Nathan Theisen | Jackson Free Press | Jackson, MS

Nathan Theisen

Photo courtesy David Sprayberry

Photo courtesy David Sprayberry

Nate Theisen, a professor of visual arts at Belhaven University for the last 15 years, started working there out of a desire to bring the arts into a religious climate.

"I had been looking for a small Christian school to work for, and I saw an ad for Belhaven online one day and thought it was just what I was looking for," he says. "I moved to Jackson for the job and fell in love with the friendliness and openness of Belhaven's campus. I've long felt the need to bridge what I see as a gap between the church and the arts, and found this school to be a great place to build stronger ties with the local contemporary-art community."

Theisen, 42, primarily does abstract sculptures that "explore the relationship between form, material and meaning," he says. He has helped develop several courses and programs at the university dealing with the subject of one's world view and how people understand and perceive their own.

At age 12, Theisen started teaching himself art, beginning with landscape and figure drawings. He remained primarily self-taught through college, after which he began exploring other possibilities for art such as sculpture, which Theisen says is "the most immediate way to express how bodies move and how we relate to our environment."

He received a bachelor's degree in painting from the University of South Dakota in 1998 and a master's degree in painting and sculpture from Wichita State University in Kansas in 2001. While in college, Theisen spent a few years in Germany doing an apprenticeship under a sculptor named Anatol Herzfeld as part of a foreign exchange program.

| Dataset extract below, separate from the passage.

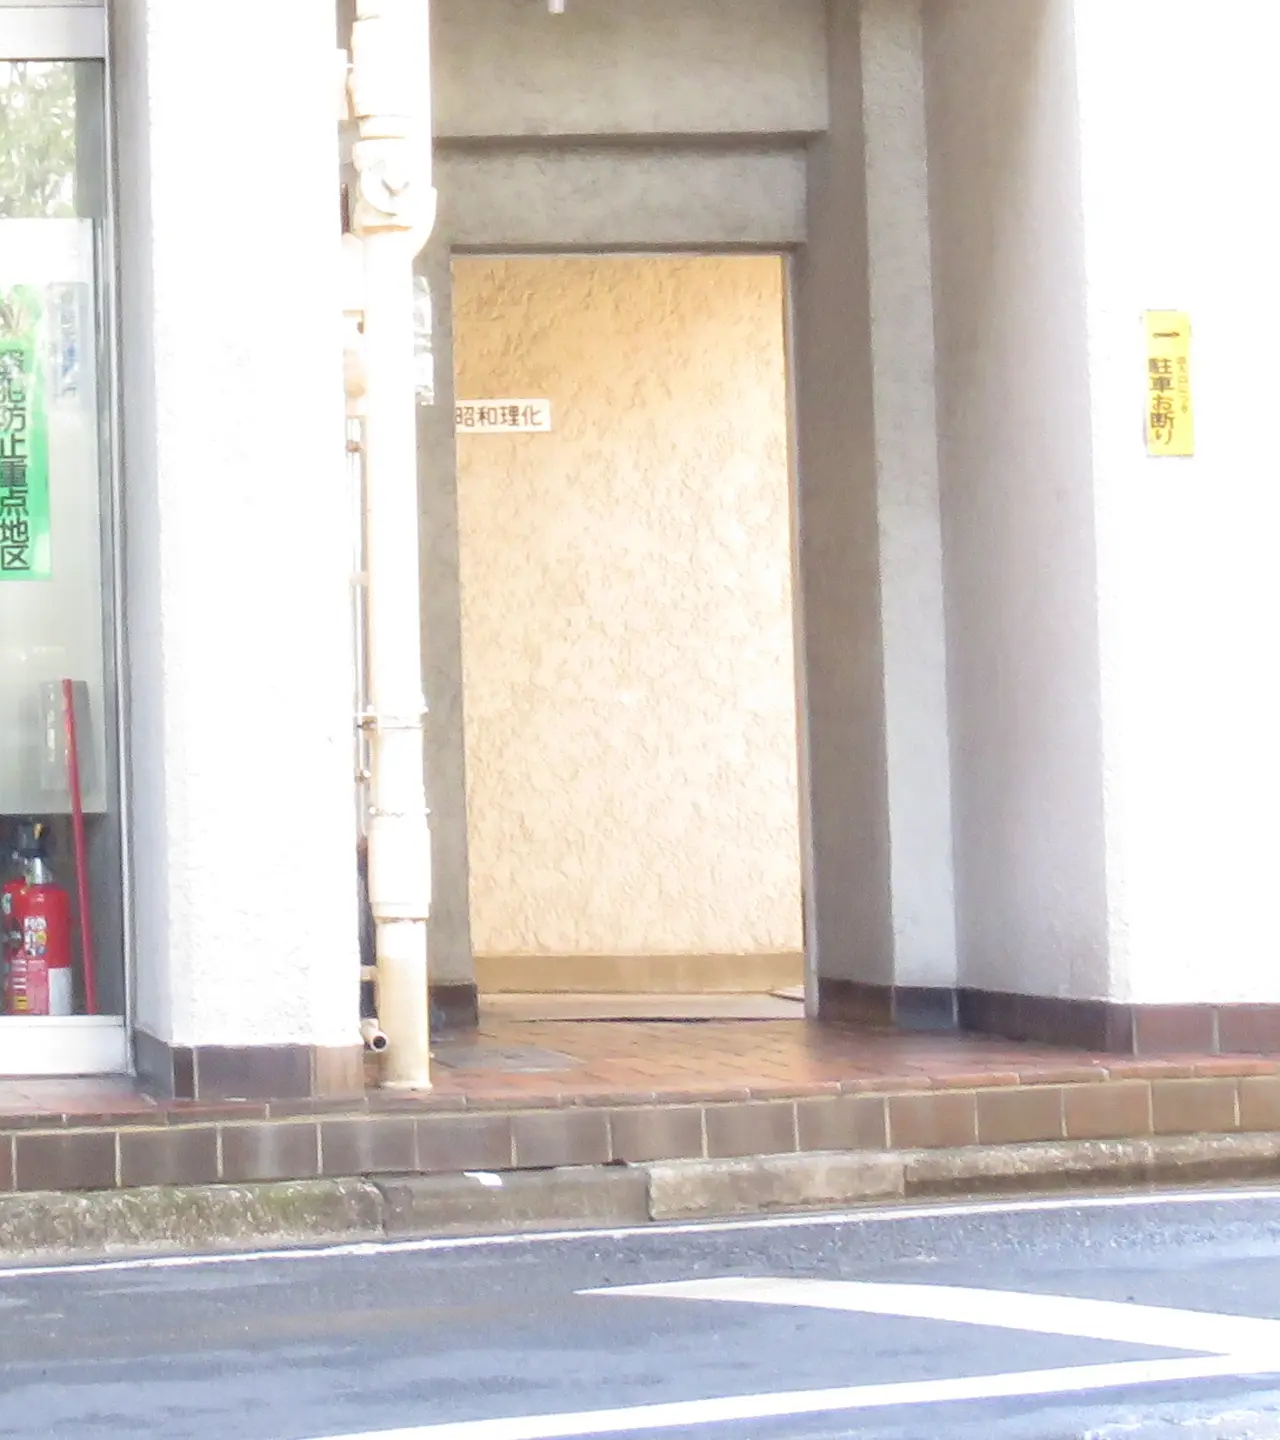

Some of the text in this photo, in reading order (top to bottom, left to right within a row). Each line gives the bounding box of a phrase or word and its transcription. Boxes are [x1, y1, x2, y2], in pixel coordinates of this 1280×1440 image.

Theisen traveled around Europe with Herzfeld and toured museums to learn more about European and American art styles.

Since he started teaching at Belhaven, Theisen says many of his students have become involved in the Jackson metro area art scene. Some of his former students include Erin Fults, owner of Acorn Studios in Clinton; Lee Cason, who owns a glass-fusing studio in Florida; David West, owner of Art Space 86; and several students who now work at Pearl River Glass.

The arts department at Belhaven recently received a Mississippi Arts Commission Visual Arts Fellowship grant courtesy of the National Endowment for the Arts. With the grant, he plans to take students to museums and studios around Jackson and help them explore new materials.

Theisen and his wife, Marie, have been married for 20 years. They have a son, Jeremiah, and a daughter, Lily.